(INPUT FOR THIS TASK Opens)

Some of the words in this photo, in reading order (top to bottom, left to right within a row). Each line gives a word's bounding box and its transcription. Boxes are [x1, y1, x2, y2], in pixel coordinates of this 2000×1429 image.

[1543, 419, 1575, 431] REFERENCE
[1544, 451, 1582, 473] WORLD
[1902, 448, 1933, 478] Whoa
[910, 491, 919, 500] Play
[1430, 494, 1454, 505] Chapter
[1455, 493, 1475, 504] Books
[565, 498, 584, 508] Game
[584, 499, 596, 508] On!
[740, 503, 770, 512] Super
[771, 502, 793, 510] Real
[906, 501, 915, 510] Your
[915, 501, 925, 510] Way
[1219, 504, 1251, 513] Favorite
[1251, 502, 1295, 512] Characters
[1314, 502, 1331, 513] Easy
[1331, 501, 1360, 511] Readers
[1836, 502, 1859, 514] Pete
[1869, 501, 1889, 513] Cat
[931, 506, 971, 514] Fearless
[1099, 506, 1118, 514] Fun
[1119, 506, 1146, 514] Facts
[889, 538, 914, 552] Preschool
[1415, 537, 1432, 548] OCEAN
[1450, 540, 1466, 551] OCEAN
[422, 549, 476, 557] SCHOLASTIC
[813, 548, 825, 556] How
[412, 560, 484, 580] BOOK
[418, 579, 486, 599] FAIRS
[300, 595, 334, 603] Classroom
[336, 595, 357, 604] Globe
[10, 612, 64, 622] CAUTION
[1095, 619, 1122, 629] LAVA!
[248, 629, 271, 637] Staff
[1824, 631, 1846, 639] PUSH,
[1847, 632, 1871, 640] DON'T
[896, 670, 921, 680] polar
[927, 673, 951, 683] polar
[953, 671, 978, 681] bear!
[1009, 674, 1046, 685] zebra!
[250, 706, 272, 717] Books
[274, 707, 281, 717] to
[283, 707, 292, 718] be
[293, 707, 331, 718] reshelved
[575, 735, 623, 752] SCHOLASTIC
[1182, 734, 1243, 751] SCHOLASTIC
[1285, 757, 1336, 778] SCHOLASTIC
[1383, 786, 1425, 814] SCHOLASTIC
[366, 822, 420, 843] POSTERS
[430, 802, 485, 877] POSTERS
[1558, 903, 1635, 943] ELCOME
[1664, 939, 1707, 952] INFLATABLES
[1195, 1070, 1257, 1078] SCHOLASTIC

(INPUT FOR THIS TASK Closes)

WORK ITEM: Return all the data exactly as given.

WRITTEN SOLUTION:
Some of the words in this photo, in reading order (top to bottom, left to right within a row). Each line gives a word's bounding box and its transcription. Boxes are [x1, y1, x2, y2], in pixel coordinates of this 2000×1429 image.

[1543, 419, 1575, 431] REFERENCE
[1544, 451, 1582, 473] WORLD
[1902, 448, 1933, 478] Whoa
[910, 491, 919, 500] Play
[1430, 494, 1454, 505] Chapter
[1455, 493, 1475, 504] Books
[565, 498, 584, 508] Game
[584, 499, 596, 508] On!
[740, 503, 770, 512] Super
[771, 502, 793, 510] Real
[906, 501, 915, 510] Your
[915, 501, 925, 510] Way
[1219, 504, 1251, 513] Favorite
[1251, 502, 1295, 512] Characters
[1314, 502, 1331, 513] Easy
[1331, 501, 1360, 511] Readers
[1836, 502, 1859, 514] Pete
[1869, 501, 1889, 513] Cat
[931, 506, 971, 514] Fearless
[1099, 506, 1118, 514] Fun
[1119, 506, 1146, 514] Facts
[889, 538, 914, 552] Preschool
[1415, 537, 1432, 548] OCEAN
[1450, 540, 1466, 551] OCEAN
[422, 549, 476, 557] SCHOLASTIC
[813, 548, 825, 556] How
[412, 560, 484, 580] BOOK
[418, 579, 486, 599] FAIRS
[300, 595, 334, 603] Classroom
[336, 595, 357, 604] Globe
[10, 612, 64, 622] CAUTION
[1095, 619, 1122, 629] LAVA!
[248, 629, 271, 637] Staff
[1824, 631, 1846, 639] PUSH,
[1847, 632, 1871, 640] DON'T
[896, 670, 921, 680] polar
[927, 673, 951, 683] polar
[953, 671, 978, 681] bear!
[1009, 674, 1046, 685] zebra!
[250, 706, 272, 717] Books
[274, 707, 281, 717] to
[283, 707, 292, 718] be
[293, 707, 331, 718] reshelved
[575, 735, 623, 752] SCHOLASTIC
[1182, 734, 1243, 751] SCHOLASTIC
[1285, 757, 1336, 778] SCHOLASTIC
[1383, 786, 1425, 814] SCHOLASTIC
[366, 822, 420, 843] POSTERS
[430, 802, 485, 877] POSTERS
[1558, 903, 1635, 943] ELCOME
[1664, 939, 1707, 952] INFLATABLES
[1195, 1070, 1257, 1078] SCHOLASTIC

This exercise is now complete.